Lectrosonics UCR300 User Manual

UCR300

DIVERSITY UHF RECEIVER

OPERATING INSTRUCTIONS

and trouble-shooting guide

LECTROSONICS, INC.

www.lectrosonics.com

0885

Table of Contents

GENERAL TECHNICAL DESCRIPTION ........................................ 3

GENERAL TECHNICAL DESCRIPTION ........................................ 4

GENERAL TECHNICAL DESCRIPTION ........................................ 5

FRONT PANEL CONTROLS AND FUNCTIONS ........................... 6

REAR PANEL CONTROLS AND FUNCTIONS ............................. 7

ANTENNA USE AND PLACEMENT .............................................. 8

INSTALLATION AND OPERATING INSTRUCTIONS .................... 9

UCR300 REPLACEMENT PARTS and ACCESSORIES............... 9

FREQUENCY BLOCKS AND RANGES ...................................... 10

TROUBLESHOOTING ................................................................... 11

SPECIFICATIONS AND FEATURES ............................................ 12

SERVICE AND REPAIR .................................................. Back cover

WARRANTY .................................................................... Back cover

2

UHF Wireless Diversity Receiver

T

GENERAL TECHNICAL DESCRIPTION

The UCR300 is a portable, high performance, dual-conversion,
frequency synthesized, UHF receiver. The RF performance is
extremely stable over a very wide temperature range, making
the UCR300 perfectly suited to the rough environmental condi­tions found in the field. The proprietary audio processing
includes a dual-band compandor for very low distortion and a
superior signal to noise ratio. The squelch system is operated
by a separate pilot tone and mutes the audio output directly at
the output connector. The audio output is calibrated for exact
level matching, with a ten LED bar graph meter.

DIVERSITY RECEPTION

The antenna phase switching diversity technique was chosen in
order to keep the receiver compact enough for camera mounted
or shoulder bag applications. This diversity reception tech­nique effectively minimizes dropouts in short range situations
where multi-path reflections can cause serious problems. The
optimum diversity reception is realized with the diversity an­tenna placed away from the receiver, however, dropouts are
significantly reduced with two antennas mounted directly on
the receiver.

RF SECTION

The problem posed to the design staff was to retain the RF
reliability of the Lectrosonics’ fixed frequency designs but add
the flexibility of a frequency agile design. The universal (and
poor) way to build frequency agile systems is to design a wide
open front end that will pass any frequency within the tuning
range of the system. This leads to very poor RF performance
with lots of interference, driving the user to switch frequencies
in an attempt to sidestep the interference. This makes fre­quency agile receivers a self fulfilling system; you have to use
the frequency agility to get away from the problems caused by
the frequency agile design compromises.

The problem of frequency agility is further compounded when
you realize that frequency changes “on the fly” cannot be made
on any type of wireless system. For example, if there is sud­denly an interference problem with a system in use, on stage for
instance, a frequency change cannot be made without inter­rupting the program. Basically, the show must go on. In
multi-channel applications, changing the frequency of one sys-

tem will usually produce all kinds of new intermodulation
problems with the other systems operating in the same location.
Frequency agility is not the universal panacea for interference
problems. It is only another tool and a limited tool at that. The
first line of defense must be the system’s basic immunity to
interference. That required a new look at frequency agile re­ceiver design.

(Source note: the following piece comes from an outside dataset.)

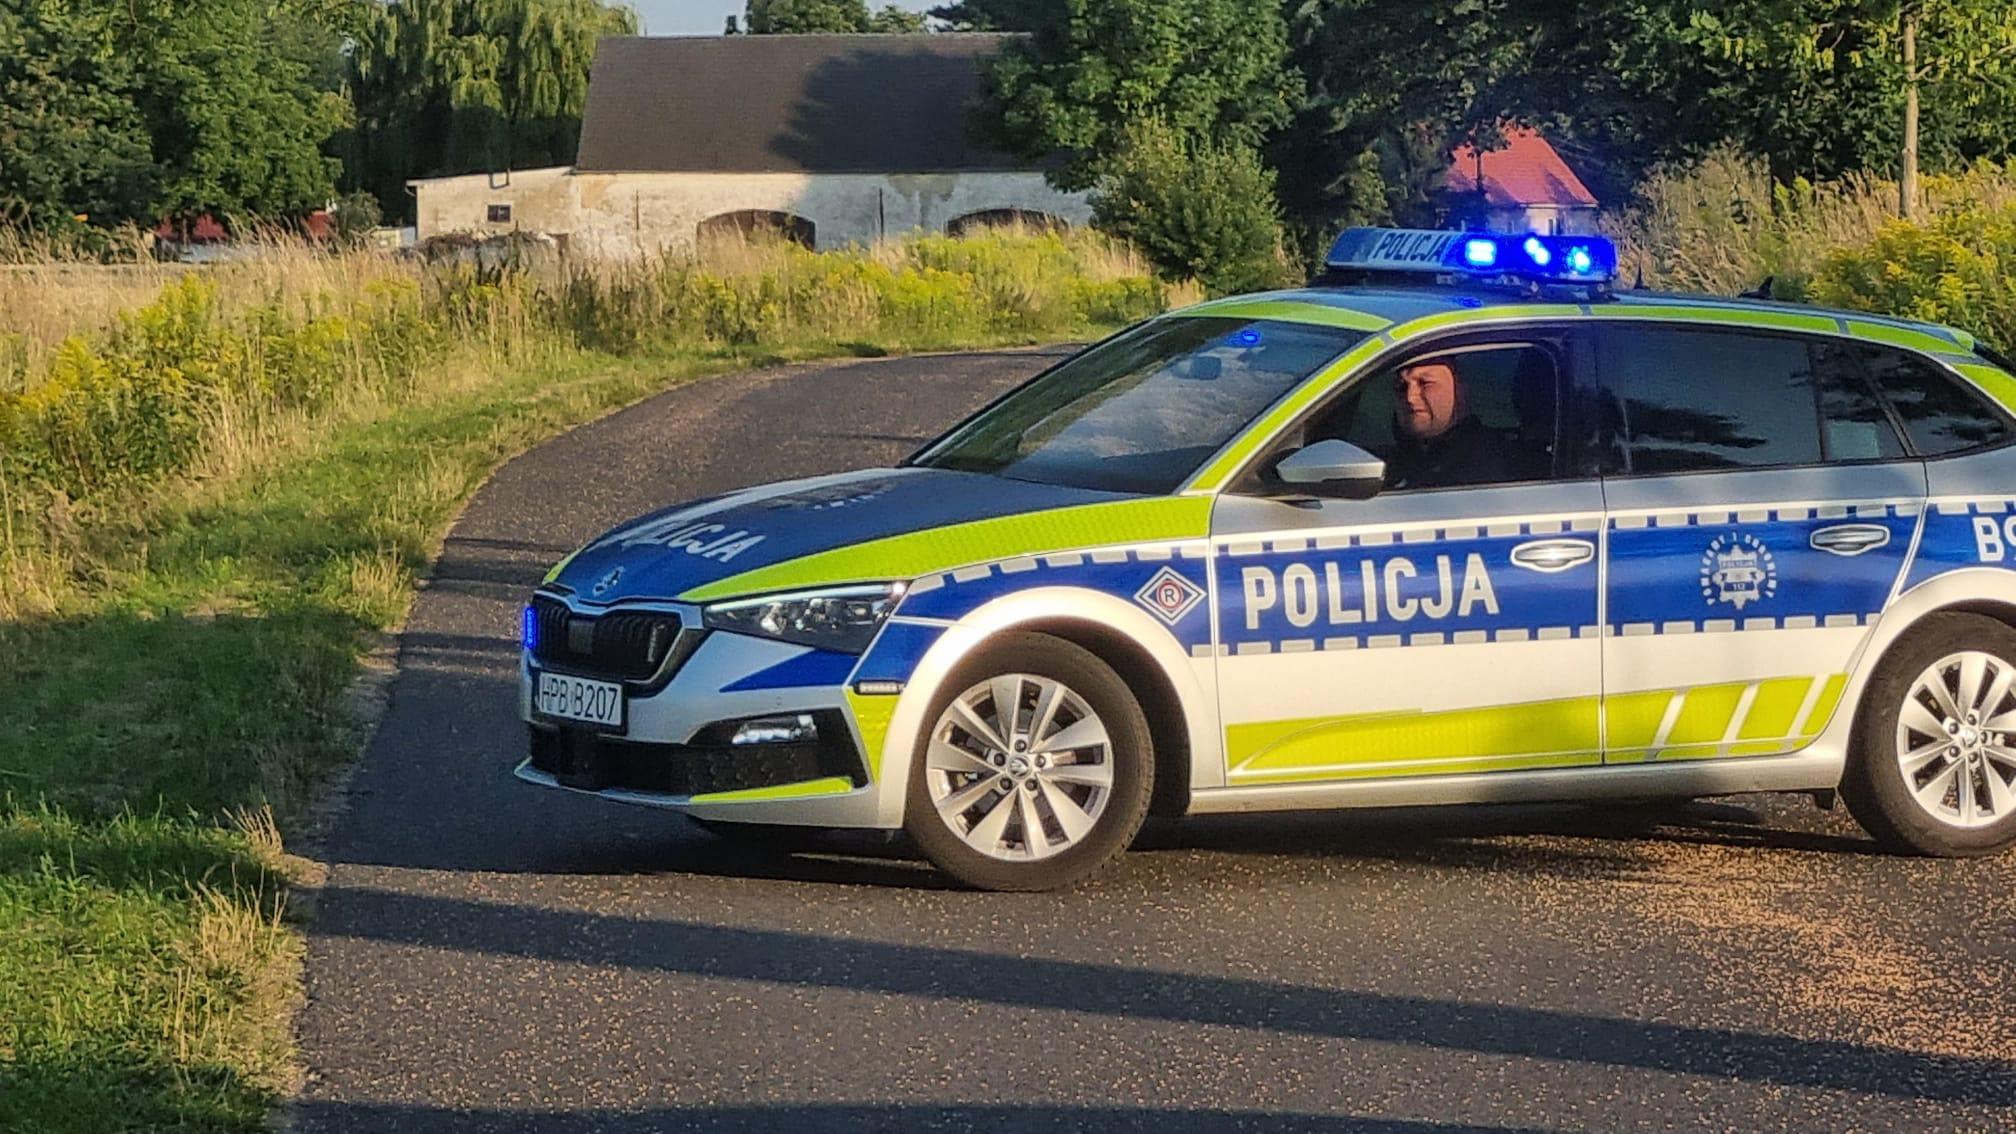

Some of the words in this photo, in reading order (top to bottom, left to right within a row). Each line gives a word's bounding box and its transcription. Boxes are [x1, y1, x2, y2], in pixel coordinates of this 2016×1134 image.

FREQUENCY TRACKING FRONT-END

Our solution to the wide open front end problem was to design
a selective front end that can be tuned to the frequency in use.
Since we wanted this front end to be equivalent to our fixed
frequency front ends, this was a daunting task. Lectrosonics has
always used front ends with more sections and much more
selectivity than any other wireless manufacturer. The final
design consisted of a total of 6 transmission line resonators with
variable capacitance applied to each resonator by the hexadeci­mal switches.

This sophistication produced a front end that was as selective as
fixed frequency designs. The next step to improve the front end
was to use good old fashioned “brute force.”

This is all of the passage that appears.